Annotated photo localization data:
=-=-=-=-=
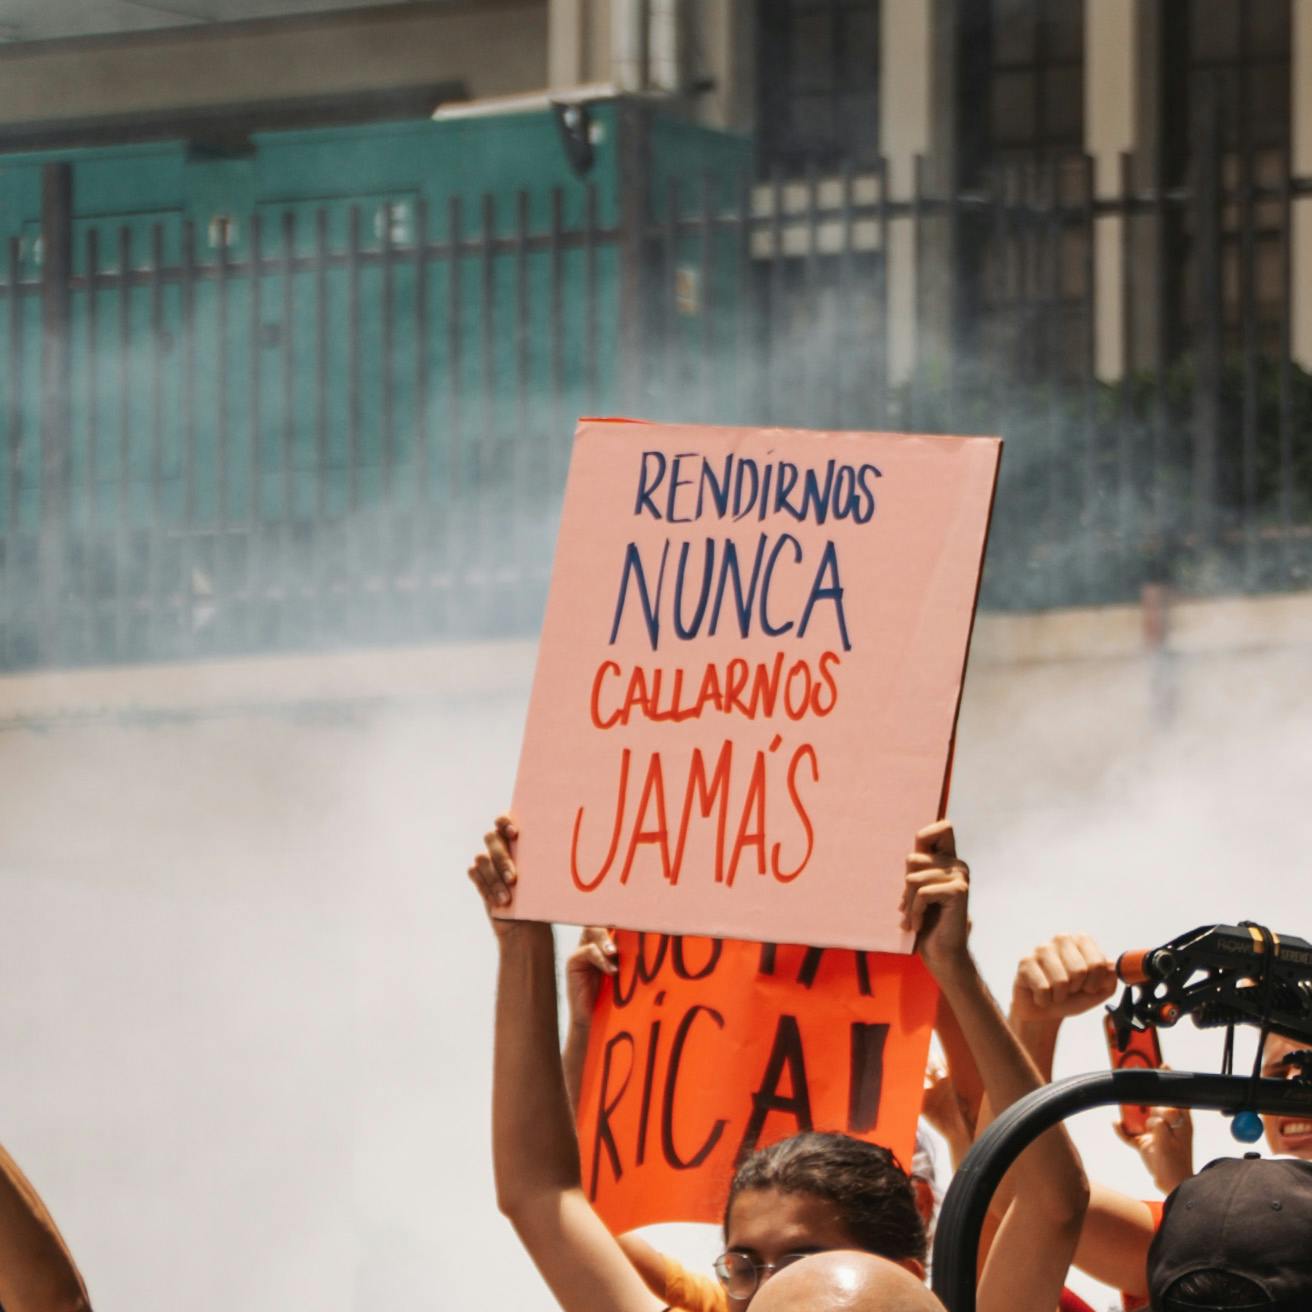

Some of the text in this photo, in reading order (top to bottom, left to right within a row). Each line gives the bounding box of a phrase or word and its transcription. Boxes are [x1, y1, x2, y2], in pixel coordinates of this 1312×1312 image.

[634, 450, 882, 525] RENDIRNOS
[609, 532, 852, 651] NUNCA
[590, 651, 841, 730] CALLARNOS
[569, 733, 819, 893] JAMÁS
=-=-=-=-=
Your assignment: Could you output all the entries above exactly as written, leaving out the pictures?

Output for this exercise:
Some of the text in this photo, in reading order (top to bottom, left to right within a row). Each line gives the bounding box of a phrase or word and its transcription. Boxes are [x1, y1, x2, y2], in pixel coordinates of this 1312×1312 image.

[634, 450, 882, 525] RENDIRNOS
[609, 532, 852, 651] NUNCA
[590, 651, 841, 730] CALLARNOS
[569, 733, 819, 893] JAMÁS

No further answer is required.